• **Exercise**:
Below are records to write out again, exactly as they read.

======

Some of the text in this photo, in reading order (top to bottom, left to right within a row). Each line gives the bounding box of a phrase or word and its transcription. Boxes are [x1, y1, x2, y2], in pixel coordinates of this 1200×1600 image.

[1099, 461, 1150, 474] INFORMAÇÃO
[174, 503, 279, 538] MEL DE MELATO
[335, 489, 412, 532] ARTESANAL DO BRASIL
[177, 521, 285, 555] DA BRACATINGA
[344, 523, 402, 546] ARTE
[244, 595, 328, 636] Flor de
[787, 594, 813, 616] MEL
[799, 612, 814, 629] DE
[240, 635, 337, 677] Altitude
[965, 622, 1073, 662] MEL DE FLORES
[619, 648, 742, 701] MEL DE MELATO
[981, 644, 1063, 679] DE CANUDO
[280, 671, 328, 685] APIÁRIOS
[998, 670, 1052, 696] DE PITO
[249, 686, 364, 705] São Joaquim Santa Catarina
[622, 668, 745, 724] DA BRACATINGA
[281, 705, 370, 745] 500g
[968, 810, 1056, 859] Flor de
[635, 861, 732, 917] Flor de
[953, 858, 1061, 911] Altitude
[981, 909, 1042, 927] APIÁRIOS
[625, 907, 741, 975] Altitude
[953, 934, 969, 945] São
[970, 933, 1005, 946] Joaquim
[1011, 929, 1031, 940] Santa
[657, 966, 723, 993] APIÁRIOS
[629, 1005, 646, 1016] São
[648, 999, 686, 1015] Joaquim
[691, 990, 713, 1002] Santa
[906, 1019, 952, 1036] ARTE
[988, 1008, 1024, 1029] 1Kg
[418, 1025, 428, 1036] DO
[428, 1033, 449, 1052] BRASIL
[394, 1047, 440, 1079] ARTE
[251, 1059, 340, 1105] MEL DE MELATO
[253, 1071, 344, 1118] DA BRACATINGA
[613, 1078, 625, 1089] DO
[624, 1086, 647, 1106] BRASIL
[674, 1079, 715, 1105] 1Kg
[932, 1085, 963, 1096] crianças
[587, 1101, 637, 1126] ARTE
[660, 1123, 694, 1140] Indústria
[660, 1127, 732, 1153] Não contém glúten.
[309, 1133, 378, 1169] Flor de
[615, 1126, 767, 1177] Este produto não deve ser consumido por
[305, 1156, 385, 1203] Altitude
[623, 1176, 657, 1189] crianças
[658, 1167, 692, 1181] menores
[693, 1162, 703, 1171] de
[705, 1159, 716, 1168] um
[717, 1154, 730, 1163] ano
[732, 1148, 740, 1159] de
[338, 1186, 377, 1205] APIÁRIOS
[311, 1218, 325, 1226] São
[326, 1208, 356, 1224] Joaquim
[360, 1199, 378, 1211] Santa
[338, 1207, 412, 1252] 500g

======

• **Result for this exercise**:
Some of the text in this photo, in reading order (top to bottom, left to right within a row). Each line gives the bounding box of a phrase or word and its transcription. Boxes are [x1, y1, x2, y2], in pixel coordinates of this 1200×1600 image.

[1099, 461, 1150, 474] INFORMAÇÃO
[174, 503, 279, 538] MEL DE MELATO
[335, 489, 412, 532] ARTESANAL DO BRASIL
[177, 521, 285, 555] DA BRACATINGA
[344, 523, 402, 546] ARTE
[244, 595, 328, 636] Flor de
[787, 594, 813, 616] MEL
[799, 612, 814, 629] DE
[240, 635, 337, 677] Altitude
[965, 622, 1073, 662] MEL DE FLORES
[619, 648, 742, 701] MEL DE MELATO
[981, 644, 1063, 679] DE CANUDO
[280, 671, 328, 685] APIÁRIOS
[998, 670, 1052, 696] DE PITO
[249, 686, 364, 705] São Joaquim Santa Catarina
[622, 668, 745, 724] DA BRACATINGA
[281, 705, 370, 745] 500g
[968, 810, 1056, 859] Flor de
[635, 861, 732, 917] Flor de
[953, 858, 1061, 911] Altitude
[981, 909, 1042, 927] APIÁRIOS
[625, 907, 741, 975] Altitude
[953, 934, 969, 945] São
[970, 933, 1005, 946] Joaquim
[1011, 929, 1031, 940] Santa
[657, 966, 723, 993] APIÁRIOS
[629, 1005, 646, 1016] São
[648, 999, 686, 1015] Joaquim
[691, 990, 713, 1002] Santa
[906, 1019, 952, 1036] ARTE
[988, 1008, 1024, 1029] 1Kg
[418, 1025, 428, 1036] DO
[428, 1033, 449, 1052] BRASIL
[394, 1047, 440, 1079] ARTE
[251, 1059, 340, 1105] MEL DE MELATO
[253, 1071, 344, 1118] DA BRACATINGA
[613, 1078, 625, 1089] DO
[624, 1086, 647, 1106] BRASIL
[674, 1079, 715, 1105] 1Kg
[932, 1085, 963, 1096] crianças
[587, 1101, 637, 1126] ARTE
[660, 1123, 694, 1140] Indústria
[660, 1127, 732, 1153] Não contém glúten.
[309, 1133, 378, 1169] Flor de
[615, 1126, 767, 1177] Este produto não deve ser consumido por
[305, 1156, 385, 1203] Altitude
[623, 1176, 657, 1189] crianças
[658, 1167, 692, 1181] menores
[693, 1162, 703, 1171] de
[705, 1159, 716, 1168] um
[717, 1154, 730, 1163] ano
[732, 1148, 740, 1159] de
[338, 1186, 377, 1205] APIÁRIOS
[311, 1218, 325, 1226] São
[326, 1208, 356, 1224] Joaquim
[360, 1199, 378, 1211] Santa
[338, 1207, 412, 1252] 500g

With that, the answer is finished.